Une décision diplomatique majeure a été prise à Abuja lors de la 95ᵉ session ordinaire du Conseil des ministres de la CEDEAO. Les chefs de la diplomatie ouest-africaine ont arrêté une position commune concernant la future présidence de l’Union africaine (UA) pour 2027, une fonction qui revient cette année-là à l’Afrique de l’Ouest dans le cadre du principe de rotation régionale.
Dans une recommandation officielle référencée C/REC.1/12/25, le Conseil réaffirme son engagement envers le Traité révisé de la CEDEAO et insiste sur la nécessité de renforcer la représentation de la région au sein des organisations internationales. Le texte met en avant le rôle stratégique du pays retenu et la volonté de porter davantage de voix ouest-africaines dans les instances continentales.
Les ministres ont demandé à l’Autorité des chefs d’État et de gouvernement, qui se réunit dimanche, de valider cette orientation et de confirmer le candidat retenu. Cette étape devrait, sauf retournement inattendu, entériner officiellement le soutien de la région.

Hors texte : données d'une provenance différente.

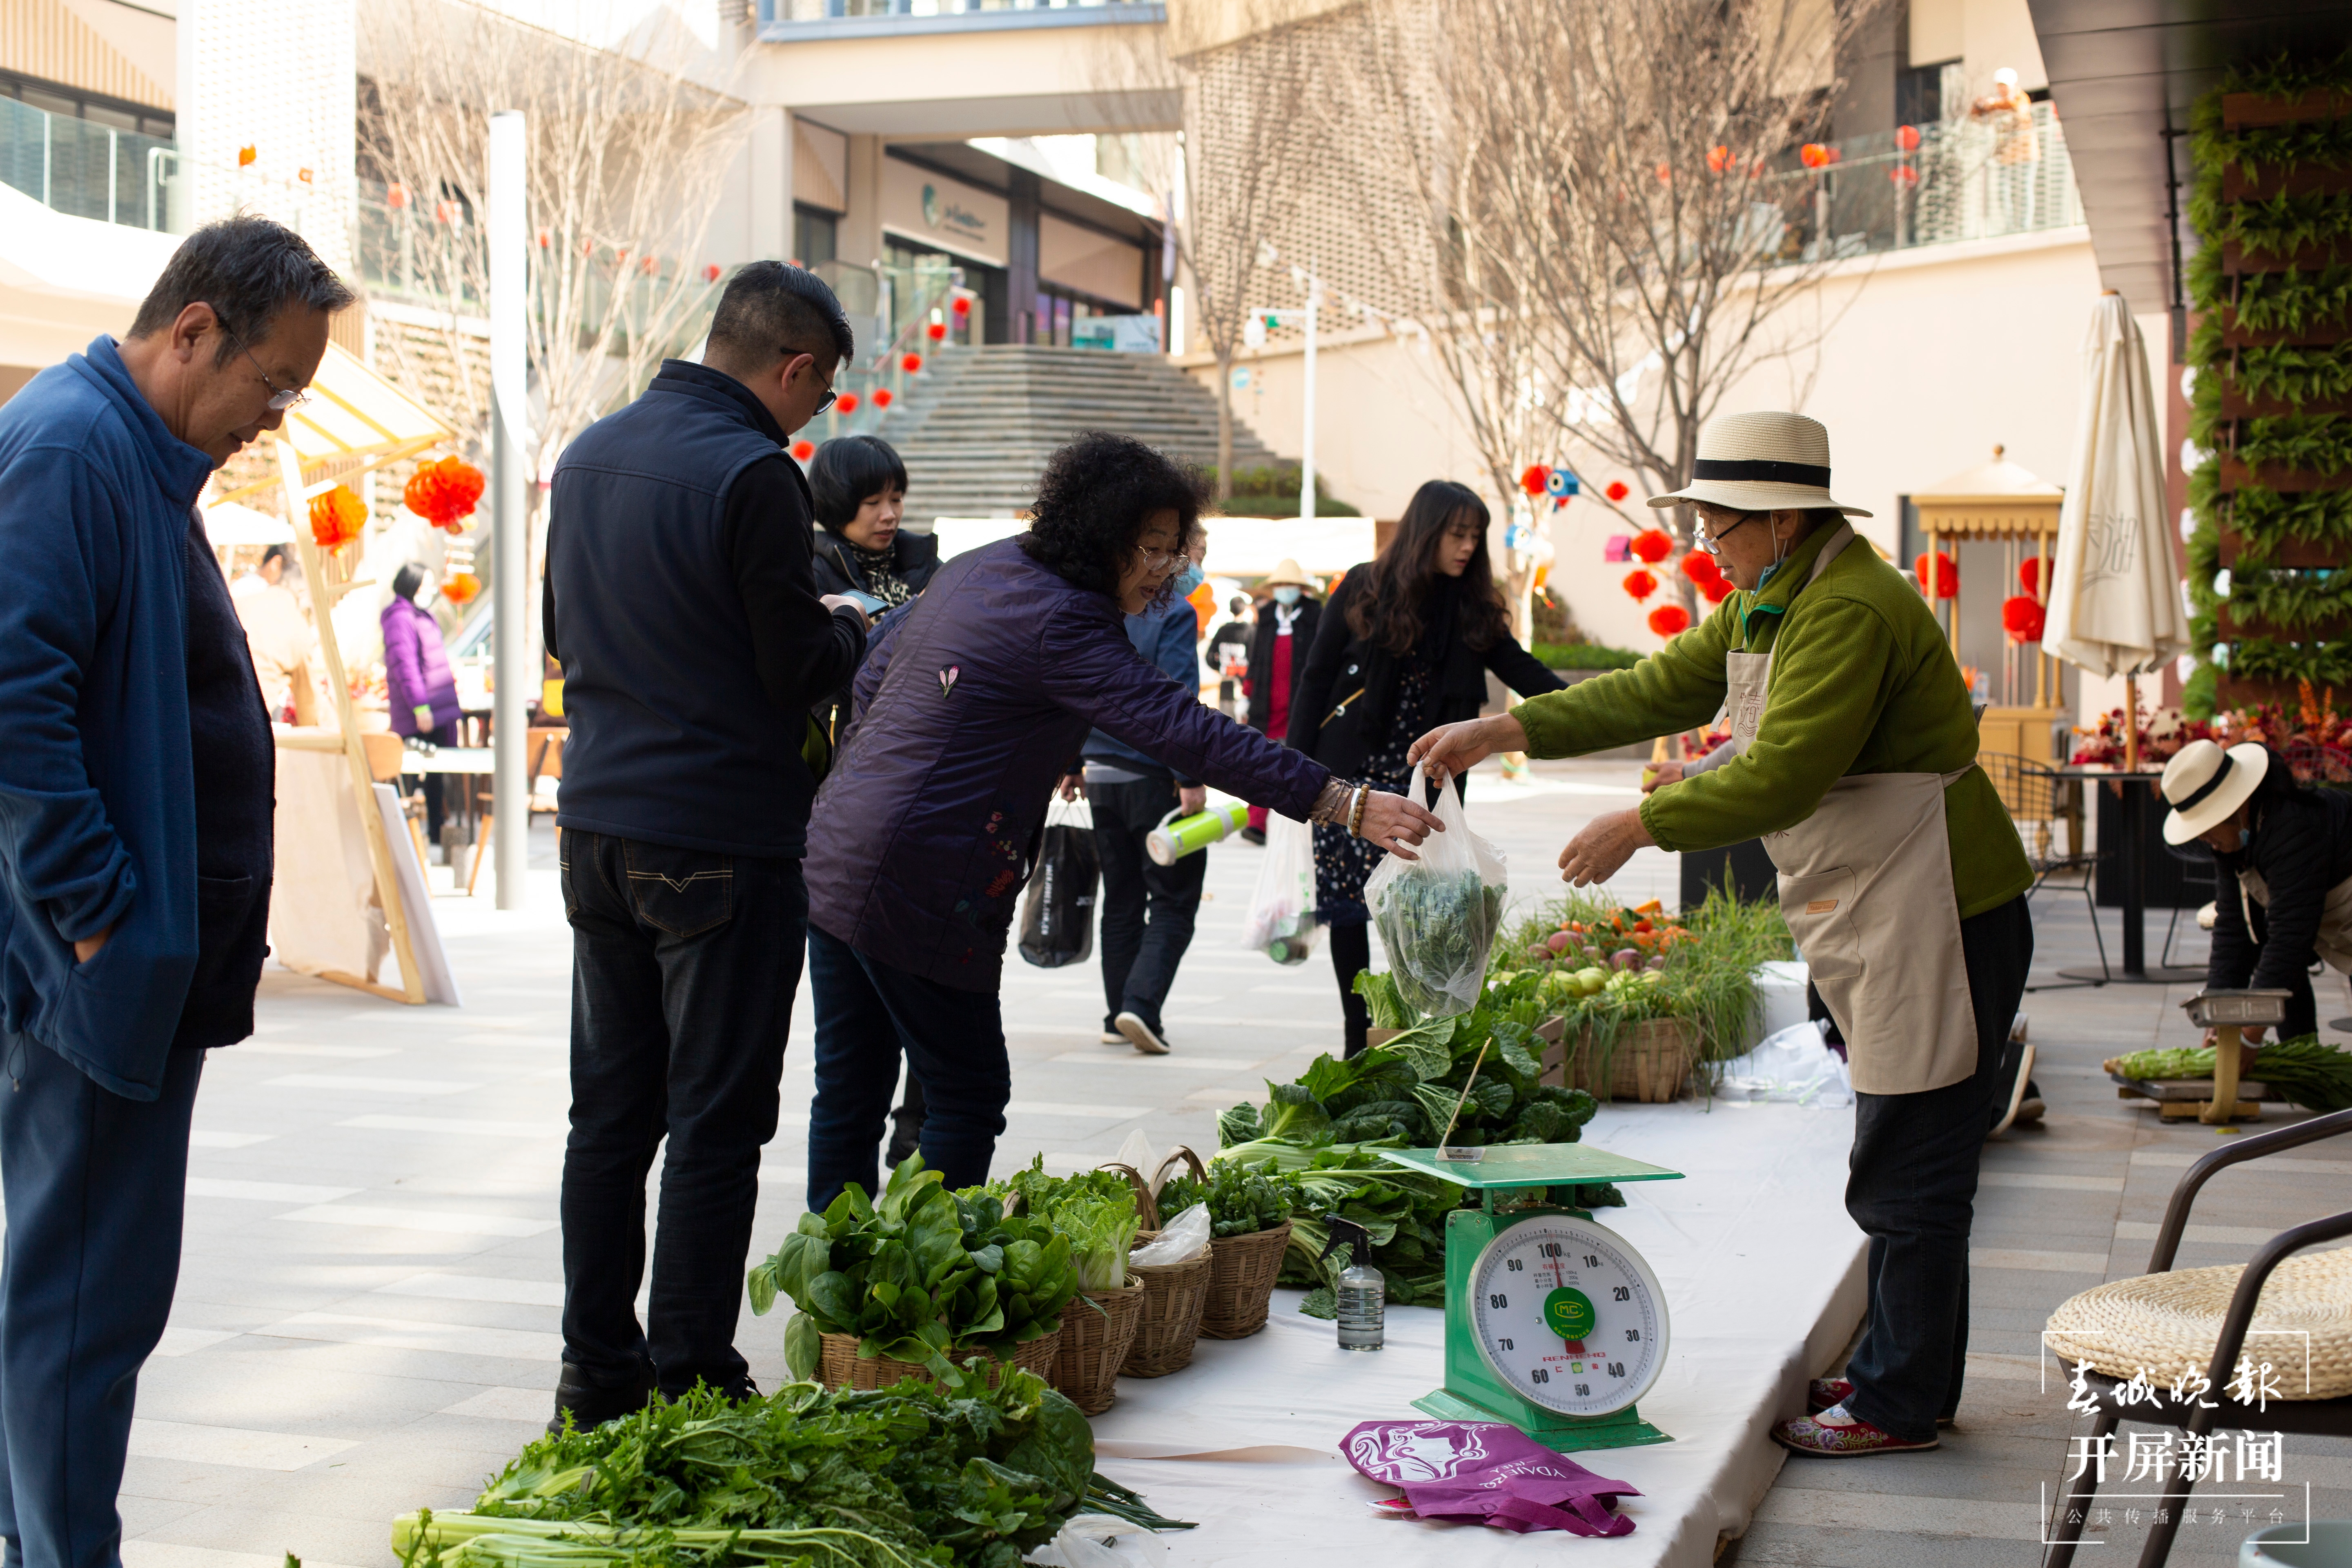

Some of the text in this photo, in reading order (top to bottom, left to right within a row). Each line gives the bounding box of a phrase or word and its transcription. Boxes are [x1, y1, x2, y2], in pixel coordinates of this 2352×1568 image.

[1508, 1259, 1523, 1271] 90
[1613, 1286, 1630, 1301] 20
[1490, 1294, 1508, 1309] 80
[1559, 1305, 1579, 1314] MC
[1626, 1330, 1639, 1341] 30
[1499, 1339, 1513, 1351] 70
[1555, 1365, 1563, 1373] 仁
[1608, 1363, 1625, 1378] 40
[1532, 1369, 1549, 1383] 60
[1575, 1384, 1590, 1396] 50

Un accord unanime autour d’un candidat unique
Le ministre ghanéen des Affaires étrangères, Samuel Okudzeto Ablakwa, a dévoilé que le consensus atteint désigne John Dramani Mahama, président de la République du Ghana, comme unique candidat de l’Afrique de l’Ouest pour briguer la présidence de l’Union africaine.
Dans sa déclaration, il a exprimé la gratitude de son pays : « Le Ghana est extrêmement reconnaissant à la CEDEAO pour la confiance et le soutien accordés à notre président visionnaire et panafricain, S.E. John Dramani Mahama. »

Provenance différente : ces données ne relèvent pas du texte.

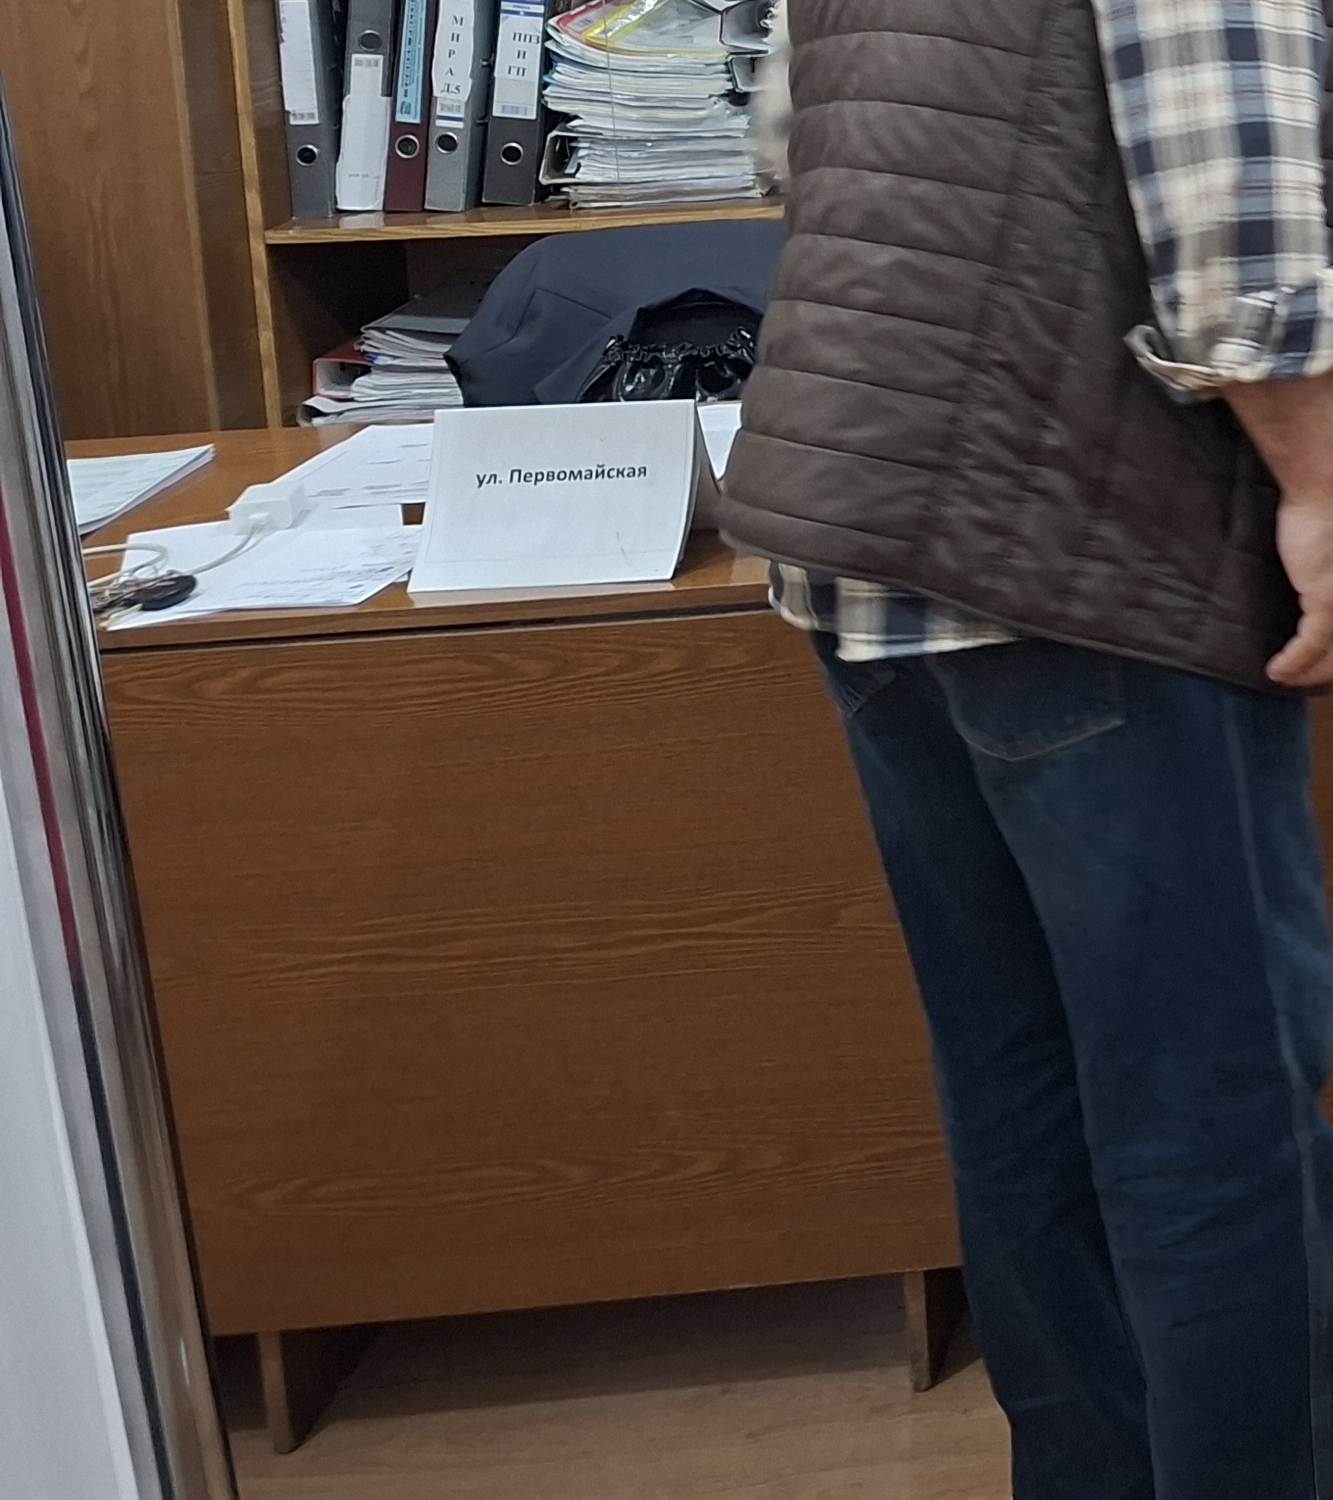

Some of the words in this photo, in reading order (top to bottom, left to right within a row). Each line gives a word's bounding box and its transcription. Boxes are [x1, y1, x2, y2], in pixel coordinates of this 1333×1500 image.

Ce choix intervient à un moment stratégique, alors que l’Afrique de l’Ouest se prépare à reprendre la présidence tournante de l’UA en 2027. Pour la CEDEAO, le Ghana dispose de l’expertise diplomatique, de l’expérience politique et de la légitimité panafricaine nécessaires pour incarner la voix de la région sur les sujets majeurs du continent.
Le Conseil des ministres a insisté sur la nécessité d’une action coordonnée afin de défendre efficacement les intérêts de la CEDEAO au sein des institutions africaines. La recommandation sera examinée lors du sommet des chefs d’État ce dimanche, et son adoption apparaît très probable au regard de l’unité affichée par les ministres.